_Work to complete_.
Produce a verbatim copy of the lines from the one holding "this 1667×1250 image." through the last line of the listing, and nothing else.

_Entries supplied_.
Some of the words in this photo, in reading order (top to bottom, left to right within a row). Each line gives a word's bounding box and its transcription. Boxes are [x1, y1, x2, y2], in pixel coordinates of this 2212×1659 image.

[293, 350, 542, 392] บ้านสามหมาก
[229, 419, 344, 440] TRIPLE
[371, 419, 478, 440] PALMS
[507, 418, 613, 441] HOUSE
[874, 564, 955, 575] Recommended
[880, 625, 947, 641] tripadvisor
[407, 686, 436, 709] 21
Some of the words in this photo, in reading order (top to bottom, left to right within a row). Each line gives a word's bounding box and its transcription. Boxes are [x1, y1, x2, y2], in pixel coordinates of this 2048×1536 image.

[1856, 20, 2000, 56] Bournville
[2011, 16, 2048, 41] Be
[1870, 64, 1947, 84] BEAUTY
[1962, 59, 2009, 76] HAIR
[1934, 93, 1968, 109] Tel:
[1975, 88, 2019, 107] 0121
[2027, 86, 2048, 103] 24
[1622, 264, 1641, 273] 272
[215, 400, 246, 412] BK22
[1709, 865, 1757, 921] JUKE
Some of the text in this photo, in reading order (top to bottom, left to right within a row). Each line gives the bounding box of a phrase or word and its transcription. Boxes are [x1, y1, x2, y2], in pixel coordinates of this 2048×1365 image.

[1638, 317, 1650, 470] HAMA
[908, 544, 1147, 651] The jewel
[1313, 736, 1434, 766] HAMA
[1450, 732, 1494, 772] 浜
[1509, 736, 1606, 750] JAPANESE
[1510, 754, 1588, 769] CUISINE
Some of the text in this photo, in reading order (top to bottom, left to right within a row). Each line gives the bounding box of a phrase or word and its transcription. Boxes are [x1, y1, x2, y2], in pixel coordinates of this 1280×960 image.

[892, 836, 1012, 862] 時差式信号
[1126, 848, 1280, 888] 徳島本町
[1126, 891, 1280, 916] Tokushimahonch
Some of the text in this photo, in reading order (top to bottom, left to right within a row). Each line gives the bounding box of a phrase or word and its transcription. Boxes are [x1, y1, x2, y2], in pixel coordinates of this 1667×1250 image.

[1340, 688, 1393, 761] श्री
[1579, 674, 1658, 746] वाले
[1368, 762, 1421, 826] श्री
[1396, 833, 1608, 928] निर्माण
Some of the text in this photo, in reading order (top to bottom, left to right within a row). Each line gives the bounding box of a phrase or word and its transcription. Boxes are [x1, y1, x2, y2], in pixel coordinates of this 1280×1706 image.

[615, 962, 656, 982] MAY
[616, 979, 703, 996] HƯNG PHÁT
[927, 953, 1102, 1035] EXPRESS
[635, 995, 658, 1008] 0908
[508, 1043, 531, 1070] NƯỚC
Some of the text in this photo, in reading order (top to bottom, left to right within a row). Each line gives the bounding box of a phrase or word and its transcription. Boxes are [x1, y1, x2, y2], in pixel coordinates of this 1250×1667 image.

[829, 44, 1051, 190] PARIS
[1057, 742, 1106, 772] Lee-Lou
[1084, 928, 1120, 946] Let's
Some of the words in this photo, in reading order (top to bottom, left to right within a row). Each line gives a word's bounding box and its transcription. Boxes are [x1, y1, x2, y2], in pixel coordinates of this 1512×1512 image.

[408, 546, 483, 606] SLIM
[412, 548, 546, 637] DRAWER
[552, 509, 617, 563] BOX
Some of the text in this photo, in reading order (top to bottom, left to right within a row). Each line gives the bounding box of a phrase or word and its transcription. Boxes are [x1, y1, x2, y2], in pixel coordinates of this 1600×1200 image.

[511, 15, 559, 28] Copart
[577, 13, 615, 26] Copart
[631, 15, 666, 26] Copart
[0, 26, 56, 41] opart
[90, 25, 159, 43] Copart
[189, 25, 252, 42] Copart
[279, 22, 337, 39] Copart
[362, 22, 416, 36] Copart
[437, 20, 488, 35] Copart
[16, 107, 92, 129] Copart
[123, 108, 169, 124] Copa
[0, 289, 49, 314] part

_Expected output_.
Some of the text in this photo, in reading order (top to bottom, left to right within a row). Each line gives the bounding box of a phrase or word and its transcription. Boxes are [x1, y1, x2, y2], in pixel coordinates of this 1667×1250 image.

[1340, 688, 1393, 761] श्री
[1579, 674, 1658, 746] वाले
[1368, 762, 1421, 826] श्री
[1396, 833, 1608, 928] निर्माण
Some of the text in this photo, in reading order (top to bottom, left to right within a row). Each line gives the bounding box of a phrase or word and its transcription. Boxes are [x1, y1, x2, y2], in pixel coordinates of this 1280×1706 image.

[615, 962, 656, 982] MAY
[616, 979, 703, 996] HƯNG PHÁT
[927, 953, 1102, 1035] EXPRESS
[635, 995, 658, 1008] 0908
[508, 1043, 531, 1070] NƯỚC
Some of the text in this photo, in reading order (top to bottom, left to right within a row). Each line gives the bounding box of a phrase or word and its transcription. Boxes are [x1, y1, x2, y2], in pixel coordinates of this 1250×1667 image.

[829, 44, 1051, 190] PARIS
[1057, 742, 1106, 772] Lee-Lou
[1084, 928, 1120, 946] Let's
Some of the words in this photo, in reading order (top to bottom, left to right within a row). Each line gives a word's bounding box and its transcription. Boxes are [x1, y1, x2, y2], in pixel coordinates of this 1512×1512 image.

[408, 546, 483, 606] SLIM
[412, 548, 546, 637] DRAWER
[552, 509, 617, 563] BOX
Some of the text in this photo, in reading order (top to bottom, left to right within a row). Each line gives the bounding box of a phrase or word and its transcription. Boxes are [x1, y1, x2, y2], in pixel coordinates of this 1600×1200 image.

[511, 15, 559, 28] Copart
[577, 13, 615, 26] Copart
[631, 15, 666, 26] Copart
[0, 26, 56, 41] opart
[90, 25, 159, 43] Copart
[189, 25, 252, 42] Copart
[279, 22, 337, 39] Copart
[362, 22, 416, 36] Copart
[437, 20, 488, 35] Copart
[16, 107, 92, 129] Copart
[123, 108, 169, 124] Copa
[0, 289, 49, 314] part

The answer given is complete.